And okay, maybe some stupid people abuse the internet and harass other people and watch things they shouldn't, and maybe some people try to catfish minors and do bad things, but I guess it's the same as real life. There are good people and bad people, and since we don't hear about good people in the media and only the bad, we fear each other in the world when in reality we're just walking around with our heads in the clouds afraid of everybody including ourselves.

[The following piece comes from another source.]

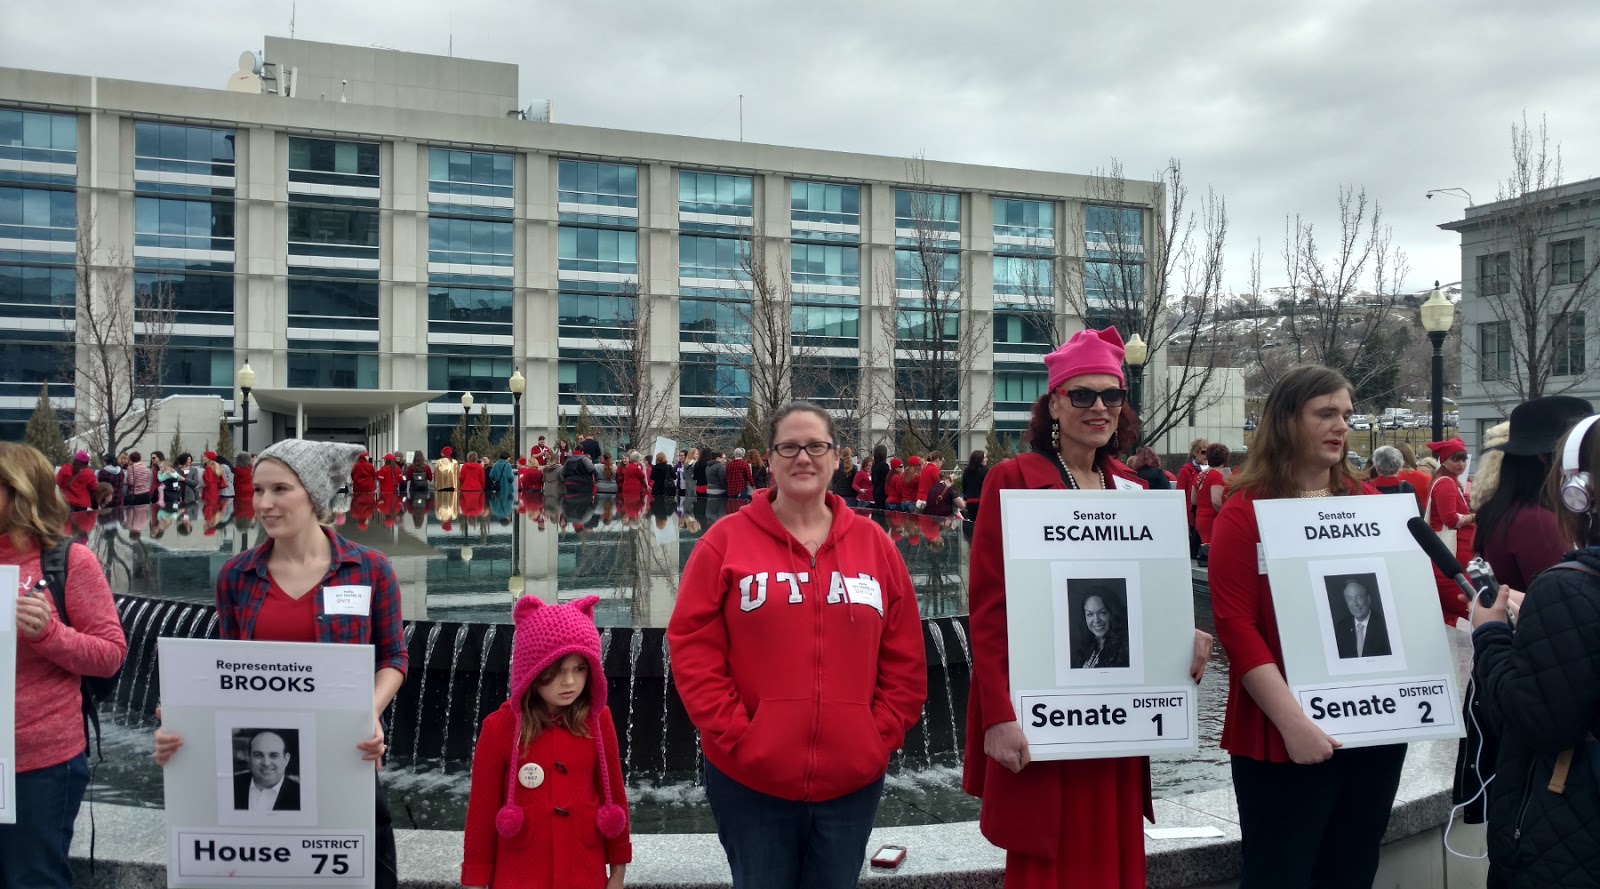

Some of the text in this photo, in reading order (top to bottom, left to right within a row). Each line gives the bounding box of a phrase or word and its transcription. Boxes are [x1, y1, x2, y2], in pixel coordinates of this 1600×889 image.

Phil has been the greatest thing to ever happen to me. Every single day I go to school and I'm spat at, people shove me into lockers and onto the ground, I'm beat up in the bathrooms, elbowed in class and told that I'm completely worthless. Three months ago I would have cried myself to sleep and prayed for death to take me away to a place where there's nothing but darkness and silence and no pain. But now I have Phil, who texts me everyday after school asking me about my day, who tells me that I'm important and stronger than I think I am, and who tells me goodnight every night before I drift away to sleep. And even if he's just pretending to be kind, he's actually being there for me. He's four years older than me and studying English language and linguistics in university but somehow he still manages to find the time to text me every evening. And in the past month we've started Skyping each other. Sometimes for ten or fifteen minutes to check in and make sure that we're both okay and breathing, and something for hours and hours. I don't feel so alone anymore.

And who says internet friends aren't real friends? I talk to Phil more than I talk to anybody I know in real life. He's the best friend that I've been wanting my entire life.  I love Phil more than anything in the entire world.

More than anything.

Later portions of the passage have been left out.